Isle entertainers to say farewell with concert
By JOHN BURNETT
Tribune-Herald staff writer
Two of Hilo’s favorite theater performers will be leaving the islands, separately, to try their hand at performing careers in New York.
But before they take a bite of the Big Apple, they’ll do three farewell concerts here this weekend.
Cristina Hussey and Pedro Ka‘awaloa present “Anything You Can Do” tonight and Saturday at 7 p.m. with a 2:30 p.m. Sunday matinee at the East Hawaii Cultural Center. Tickets are $5, available at EHCC and at the door.
“We’re doing this as a way to give back to the community that’s nurtured our talents and our dreams. That’s why the ticket price is only $5,” Ka‘awaloa said on Wednesday.
Hussey and Ka‘awaloa will perform the concert’s title song from “Annie Get Your Gun” and other selections from Broadway to pop to opera. Pianist Quack Moore is the accompanist. Guest performers are Jackie Johnson, Stephen Bond, RaVani Durkin, Erin Gallagher, Byron Karr, Lilinoe Kauahikaua and Corey Yester.
“We’ve chosen people who’ve helped us over the years, talented people and great friends, as well, who’ve put in the time to do this with us,” said Hussey.
The 25-year-old Hussey is currently in rehearsals for Kilauea Drama and Entertainment’s production of “Beauty and the Beast.” Her many local credits include “Nunsense,” “Seussical” and “Little Shop of Horrors.” She earned a performing arts degree from the University of Hawaii at Hilo in 2011, and will be leaving on Sept. 15. She’ll attend the New York Film Academy to study musical theater and film with an eye toward Broadway or film acting.
“I want to start getting my foot into the door, whether it’s commercials or movies or TV, while I prepare and audition for Broadway,” she said. She said her strength is comedy, but she wants to do more drama.
The timetable for the 30-year-old Ka‘awaloa is less definite. He’s been the music director for KDEN for the past several years and starred in the company’s productions of “Cinderella,” “Peter Pan” and “The Fantasticks,” as well as the title role in the Palace Theater production of “Jesus Christ Superstar.” The Harvard alum has left his position as band director at Hilo High School. He said he’ll continue to help his high school alma mater’s Performing Arts Learning Center as well as conduct the Kanilehua Chorale for the time being.
“I’m just trying to get myself mentally prepared and financially and all those other things,” he said. “My goal is to be a Broadway performer and to be paid doing what I really love. I don’t know if you watched Oprah Winfrey’s Harvard commencement speech, but it really resonated with me. She said to do what makes you come alive or to find out what makes you come alive and go do that. It spoke to this soul searching that I’ve been doing as of late.”

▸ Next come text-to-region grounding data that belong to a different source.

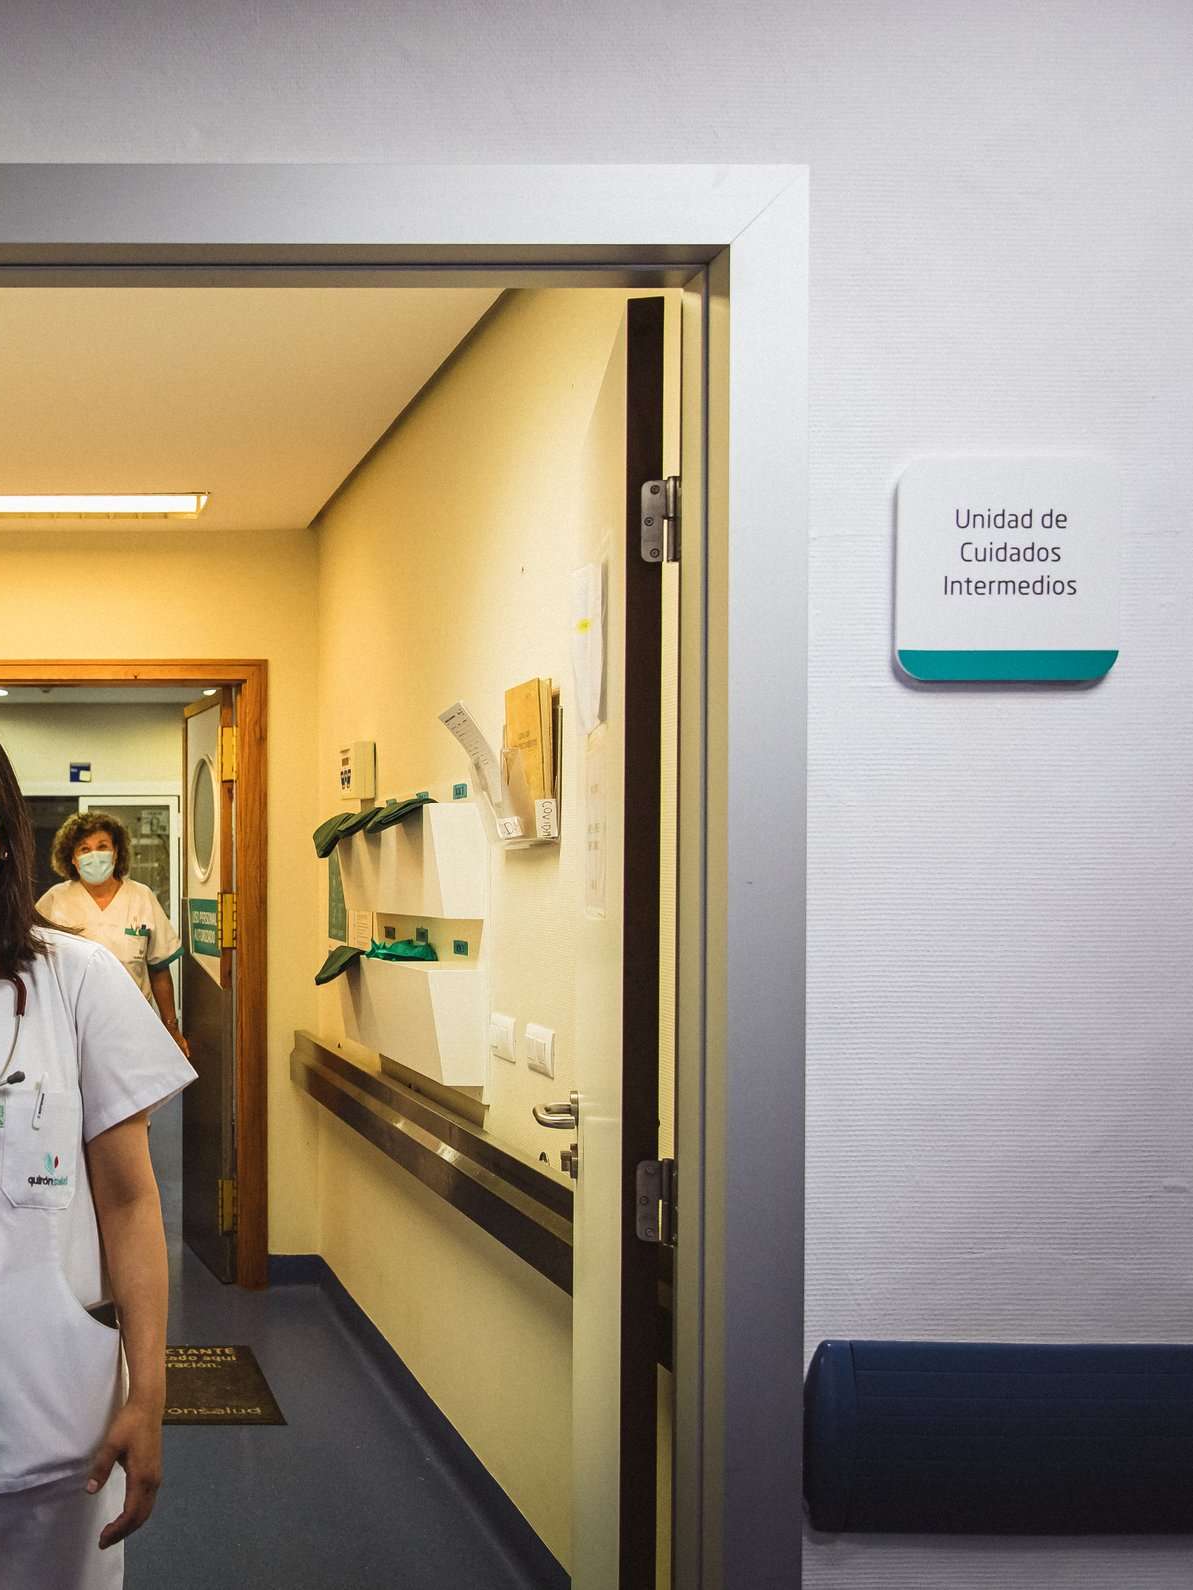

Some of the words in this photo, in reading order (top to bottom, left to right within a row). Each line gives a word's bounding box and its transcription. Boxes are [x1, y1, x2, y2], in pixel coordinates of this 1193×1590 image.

[955, 508, 1033, 529] Unidad
[1041, 508, 1068, 529] de
[960, 541, 1061, 562] Cuidados
[943, 575, 1077, 596] Intermedios
[166, 1407, 262, 1415] onsalud
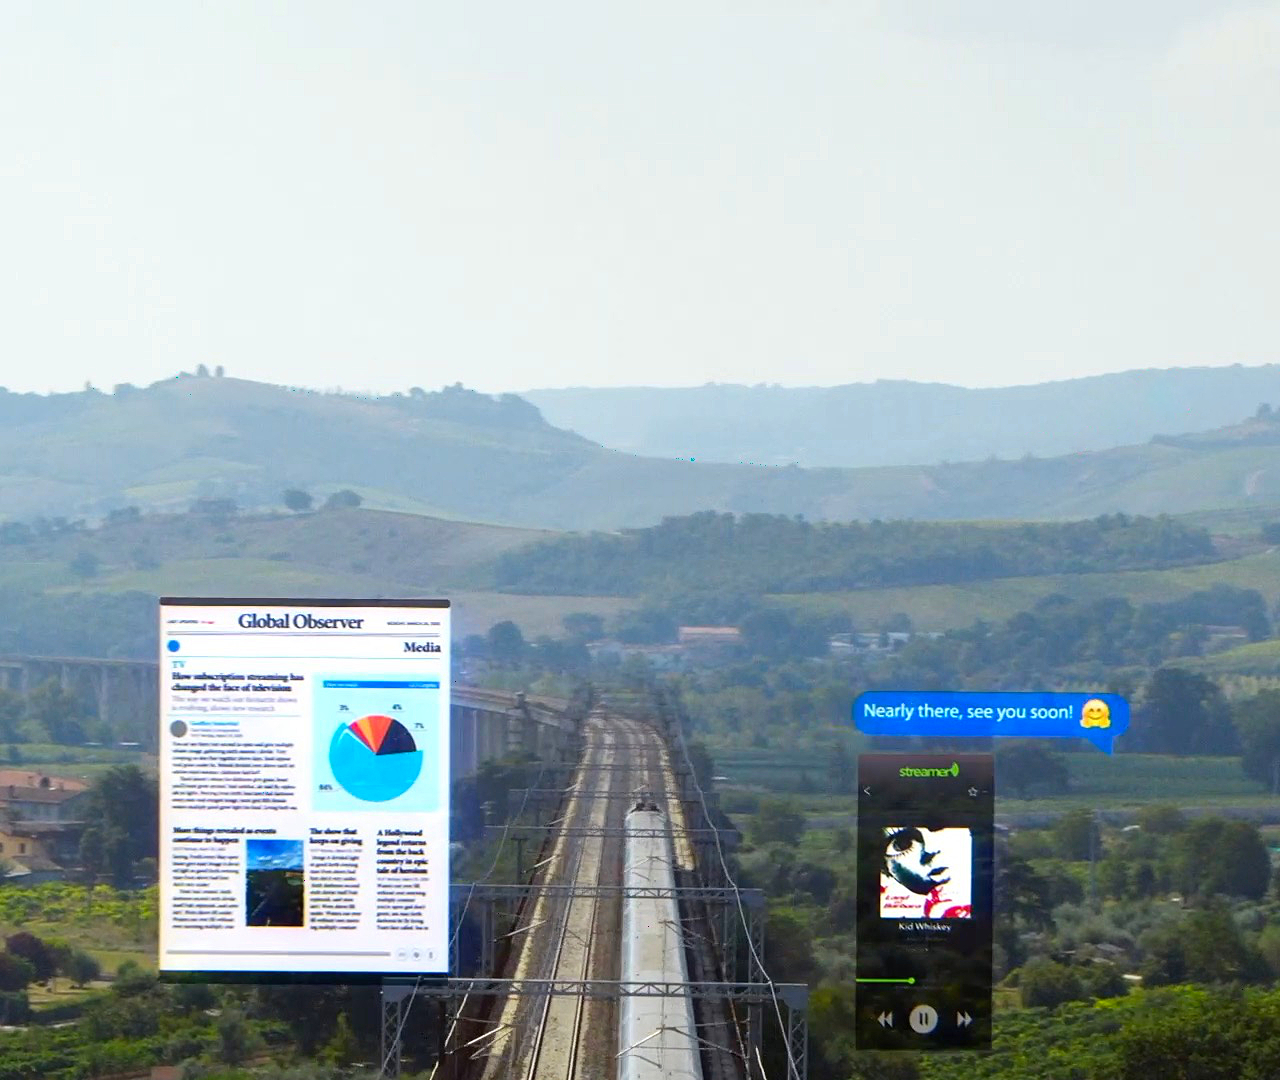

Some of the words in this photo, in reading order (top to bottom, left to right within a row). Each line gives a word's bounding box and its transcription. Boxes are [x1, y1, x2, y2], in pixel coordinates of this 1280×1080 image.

[238, 614, 289, 628] Global
[293, 614, 364, 629] Observer
[404, 642, 441, 652] Media
[172, 672, 191, 680] How
[194, 672, 245, 682] subscription
[247, 673, 288, 682] streaming
[172, 684, 206, 693] changed
[252, 684, 292, 692] television
[864, 704, 913, 720] Nearly
[918, 705, 963, 720] there,
[967, 708, 993, 719] see
[997, 707, 1026, 722] you
[1030, 705, 1073, 719] soon!
[899, 765, 951, 777] streamer
[341, 838, 362, 846] giving
[377, 839, 399, 847] legend
[898, 922, 914, 930] Kid
[915, 922, 952, 931] Whiskey

Ka‘awaloa said that he’s “become reflective lately.”
“I’ve gotta do what I want to do,” he explained. “Performing as a career, professional performing — I think I’ve always been afraid of pursuing it wholeheartedly because of the fear of failure. I’ve told myself recently that I’m either going to have to try and succeed or fail. Otherwise, I’ll never know. And I don’t know if I could live with not knowing whether or not I could have succeeded at it.”
Both Hussey and Ka‘awaloa are “triple threats” — acting, singing and dancing — a must for Broadway actors. If anyone knows what it takes to have a successful performing career in New York, it’s Moore. Armed with a master’s degree in classical piano performance from Juilliard, the Brownsville, Pa., native played in orchestra pits and rehearsal rooms before landing a gig on a then-new TV show in 1975: “Saturday Night Live.” She played in the SNL band for more than two decades, becoming its music director.
“It all starts with ‘get out of town,’” she said. “Nobody comes here to find out what your talent is about. … There’s no experience like living in Manhattan. I think New York is a lesson unto itself, but you do need to go out and audition and get yourself an agent to set you up in these things. They have as good a shot as anyone else. A long, long time ago, I used to be a person up on the stage playing these auditions for people. I’d find out later that 90 percent of the people who’d auditioned were not from New York. You get to New York and you think you’re meeting New Yorkers — and you’re meeting people from places like Hilo, and they’re all people with a similar dream.”